Content starts

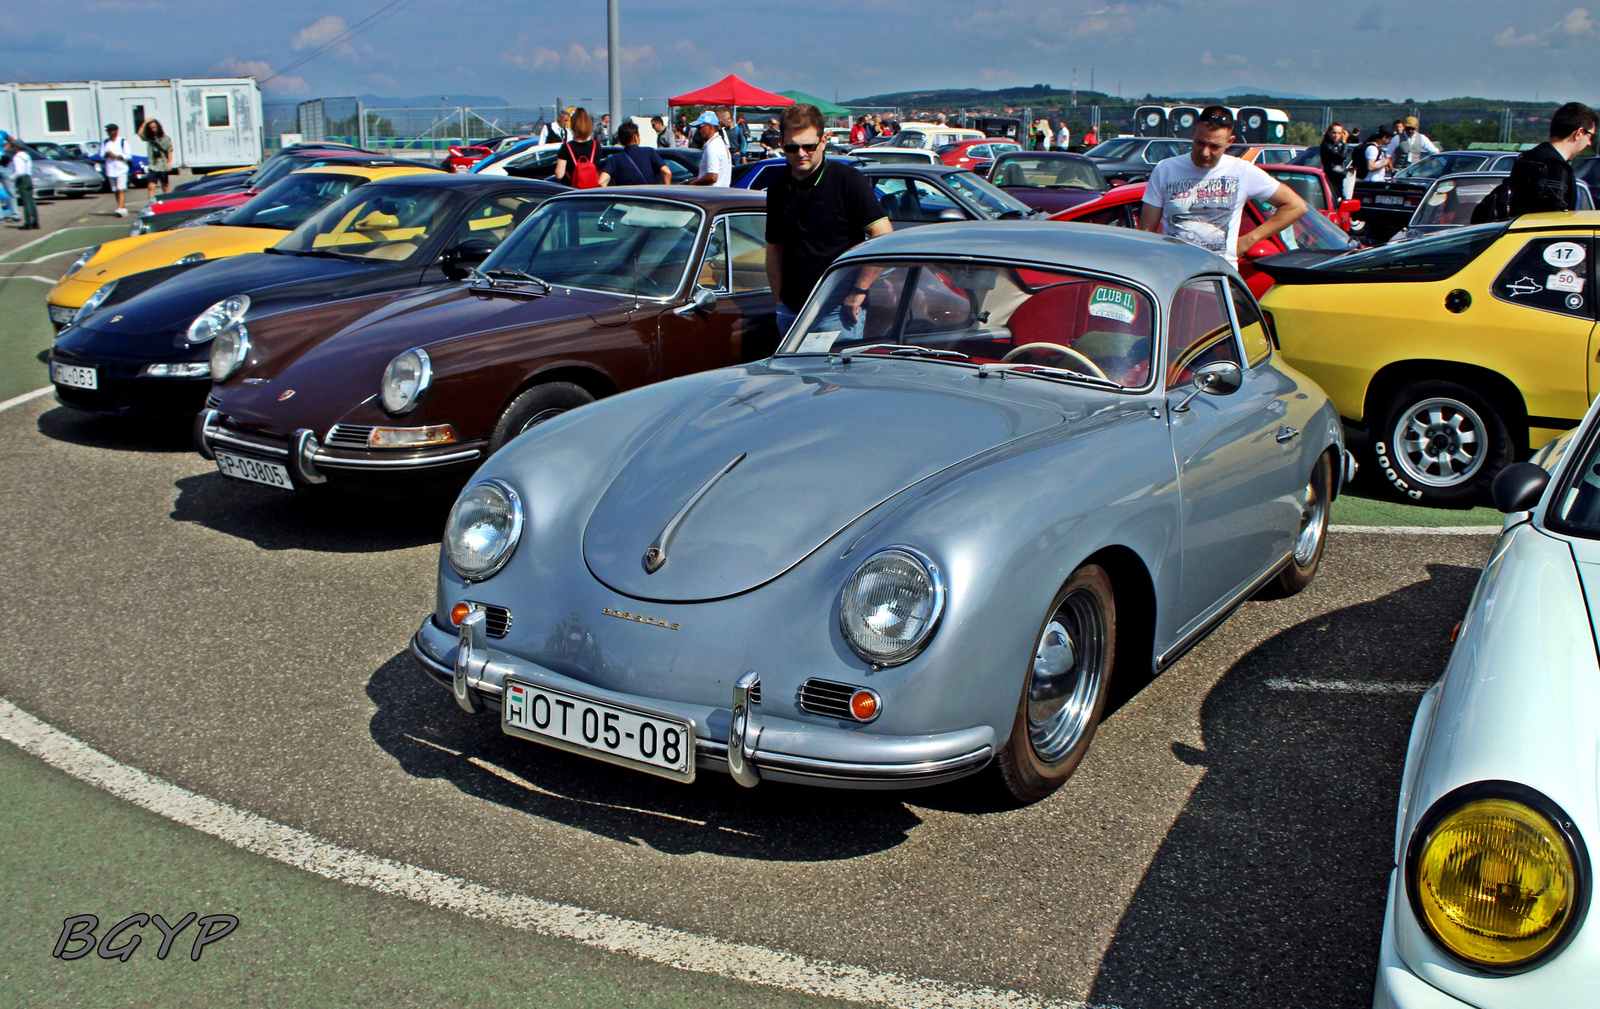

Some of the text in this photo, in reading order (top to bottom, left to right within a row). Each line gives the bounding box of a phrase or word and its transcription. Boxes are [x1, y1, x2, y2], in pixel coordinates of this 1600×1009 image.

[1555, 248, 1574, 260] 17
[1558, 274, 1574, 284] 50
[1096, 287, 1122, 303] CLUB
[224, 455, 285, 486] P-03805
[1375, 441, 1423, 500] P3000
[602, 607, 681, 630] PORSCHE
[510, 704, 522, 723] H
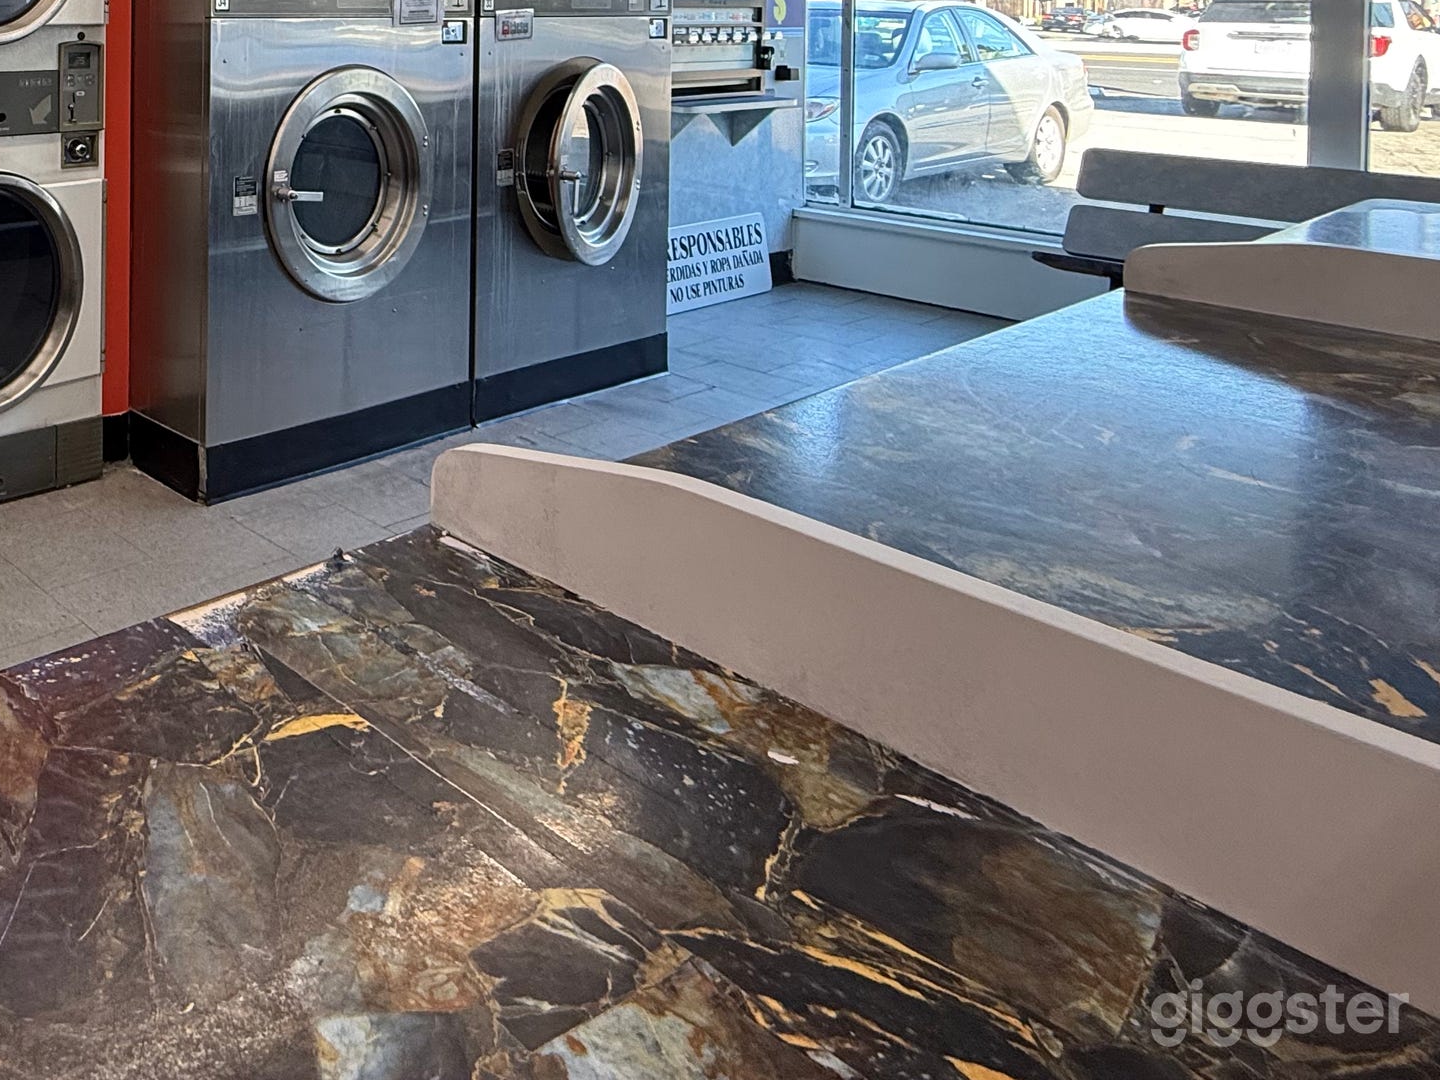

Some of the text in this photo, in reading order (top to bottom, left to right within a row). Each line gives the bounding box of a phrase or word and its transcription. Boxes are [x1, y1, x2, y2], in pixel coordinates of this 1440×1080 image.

Content ends

**Problem statement:** Pictures don't belong in the copy. Restate all the entries exactly.

**Exercise answer:**
Some of the text in this photo, in reading order (top to bottom, left to right within a row). Each line gives the bounding box of a phrase or word and its transcription. Boxes are [x1, y1, x2, y2], in pixel coordinates of this 1600×1009 image.

[1555, 248, 1574, 260] 17
[1558, 274, 1574, 284] 50
[1096, 287, 1122, 303] CLUB
[224, 455, 285, 486] P-03805
[1375, 441, 1423, 500] P3000
[602, 607, 681, 630] PORSCHE
[510, 704, 522, 723] H

Some of the text in this photo, in reading order (top to bottom, left to right within a row). Each line gives the bounding box of a phrase or word and its transcription. Boxes are [x1, y1, x2, y2], in pixel coordinates of this 1440×1080 image.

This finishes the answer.